L’artiste et directeur artistique Hassan Rahim commence toujours par demander «pourquoi»

En quête de sens avec le designer graphique qui ne travaille pas le lundi

  • Entrevue: Durga Chew-Bose
  • Photographie: Naima Green

«Ça va finir par se retrouver dans l’article», dit Hassan Rahim en riant. Il a changé le volume cinq fois en trois minutes. Je rencontre l’artiste et directeur artistique originaire de Los Angeles et aujourd’hui établi à New York dans son studio de Brooklyn. Il cherche la bonne chanson. Il cherche le bon réglage de volume. Tout doit être parfait. Ces petits ajustements, je le comprendrai plus tard, font partie du processus de Rahim, qui aborde chaque projet, tout comme la conversation qu’on s’apprête à avoir, avec un effort de mise en place disproportionné par rapport à ce qui doit être fait. (C’est une bonne chose!). Réfléchi, intentionné, la bonne chanson, des digressions, circonspect comme un Gémeaux, ou bien laisser les idées s’accumuler et se lier dans le temps: c’est la méthode Rahim. Ça compte plus que la productivité pour la productivité. Ce degré de considération (moins orchestré qu’instinctif) fonctionne très bien pour l’artiste et directeur artistique qui a fondé 12:01 en 2006 – un studio offrant un service créatif complet, avec des clients comme Nike, Warp Records, Sony Music et Willo Perron.

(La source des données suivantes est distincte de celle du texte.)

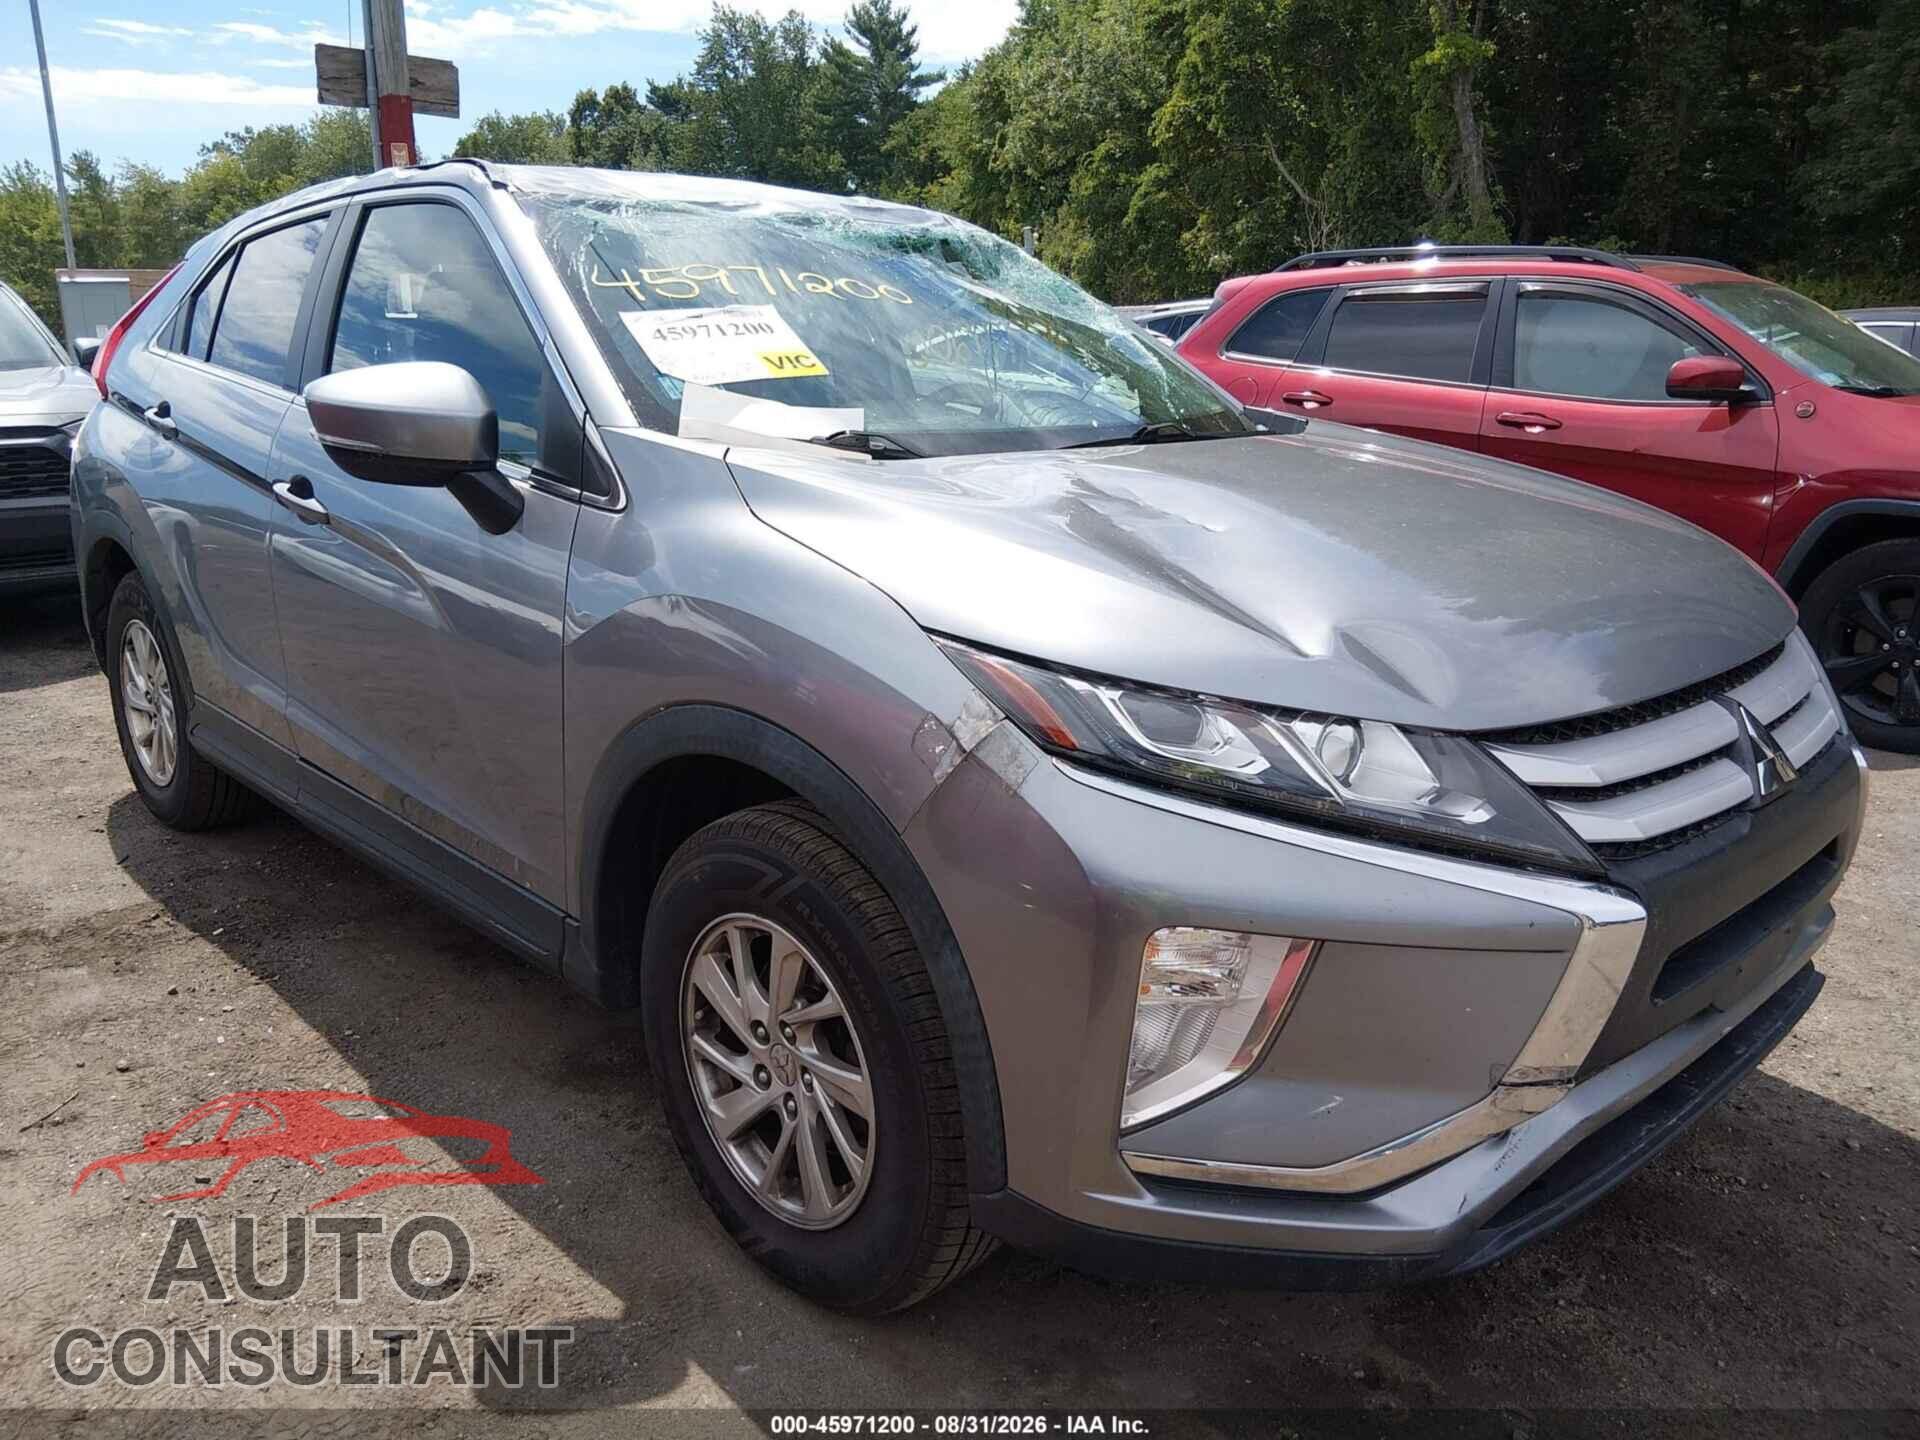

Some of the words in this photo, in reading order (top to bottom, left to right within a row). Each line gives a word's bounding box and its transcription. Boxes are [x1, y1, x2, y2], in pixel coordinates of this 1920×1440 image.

Les collaborations de Rahim avec des marques et des artistes (par exemple Kahlil Joseph et Marilyn Manson) sont imprégnées d’images fortes, comme chassées dans la nature; une superposition d’imageries pour renverser le contexte. Ses créations pour Total Luxury Spa, la populaire marque de streetwear de L.A., trouvent des fans partout, de Kyrie Irving à Kelsey Lu en passant par Ari Marcopoulos et Lil Miquela.

Nous nous sommes rendus au studio de Rahim et avons parlé de design, de procrastination et de l’importance de ne pas se prendre au sérieux.

Durga Chew-Bose

Hassan Rahim

Comment choisis-tu les projets sur lesquels tu travailles? Quels sont tes critères?

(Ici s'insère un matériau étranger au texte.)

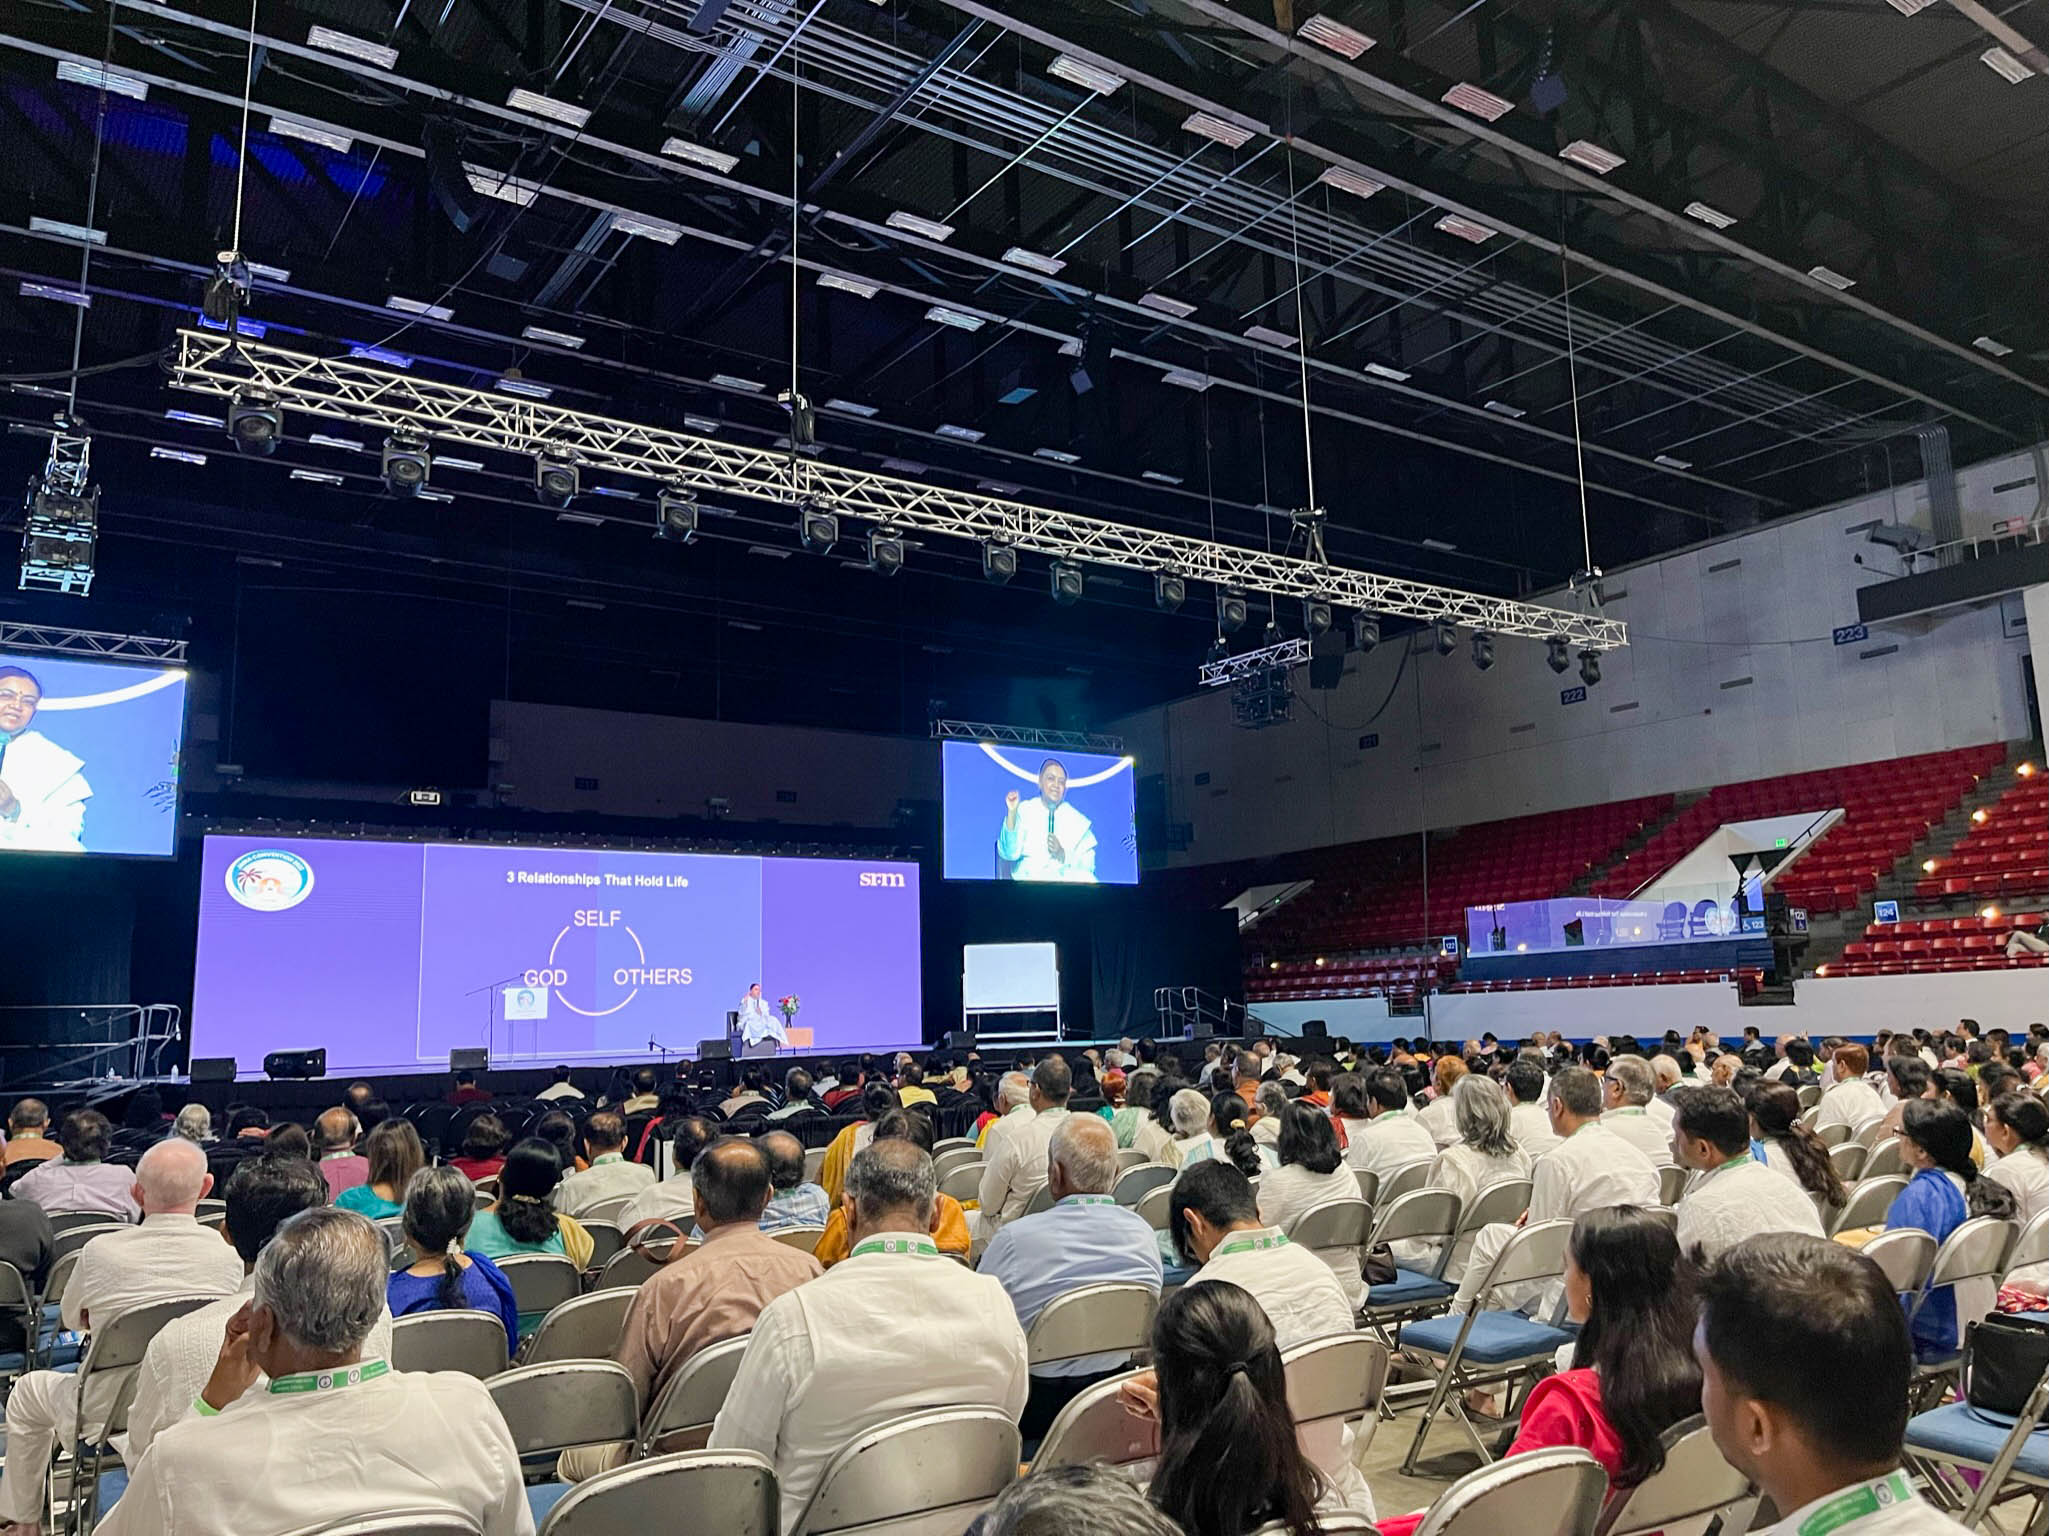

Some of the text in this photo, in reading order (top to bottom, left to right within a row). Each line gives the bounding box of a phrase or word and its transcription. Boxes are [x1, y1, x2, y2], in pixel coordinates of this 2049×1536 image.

J’y vais à l’instinct. J’aime la polyvalence. C’est peut-être ça être Gémeaux. Varier les sphères, c’est ce qui fait que quelqu’un est bon. Tu vois? Les gens sont tellement nombreux à vouloir se spécialiser, et c’est génial. Visiter Tokyo m’a vraiment ouvert les yeux. Il y a une personne qui a consacré sa vie à ouvrir un restaurant sur le thème de la vache.

De la vache?

De la vache. Tu comprends, comme, hyper précis. Je m’intéresse à trop de choses pour faire ça. Je pense que c’est important de collaborer. Je ne veux pas travailler tout le temps tout seul. C’est pourquoi je travaille souvent avec différents designers, différentes personnes. La seule constante, c’est l’effort que je mets. Il y a beaucoup de gens qui font les choses par eux-mêmes, et plusieurs directeurs artistiques le font pour en retirer tout le crédit. Je préfère le donner à tout le monde. Je préfère m’entourer d’une équipe où tout le monde apporte quelque chose. C’est important de ne pas être monogame au travail. Les gens vont naturellement dans toutes les directions. Les gens sont, comme, «oh, j’ai fait des podcasts, puis de la photo et maintenant je restaure des voitures».

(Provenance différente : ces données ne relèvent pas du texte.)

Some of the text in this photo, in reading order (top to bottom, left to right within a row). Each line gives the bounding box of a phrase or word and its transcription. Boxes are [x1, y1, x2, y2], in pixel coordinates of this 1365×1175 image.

J’ai l’impression que nous sommes une génération qui carbure aux projets.

Oui. Nous ne sommes pas carriéristes. Tout est juste tellement fluide. Il n’y a rien de linéaire et c’est aussi comme ça que les gens pensent. Les idées bouillonnent, on n’a pas une pensée linéaire. À cause de notre façon d’utiliser nos appareils et tout ça, je ne connais personne qui n’a pas un sérieux problème d’attention. Tout est lié.

Quand tu collabores avec plusieurs personnes sur un projet, à quel point tu préserves de l’énergie pour travailler sur tes propres trucs? Est-ce que ta méthode consiste plus à jongler avec des idées et mettre les choses en marche à la toute dernière minute?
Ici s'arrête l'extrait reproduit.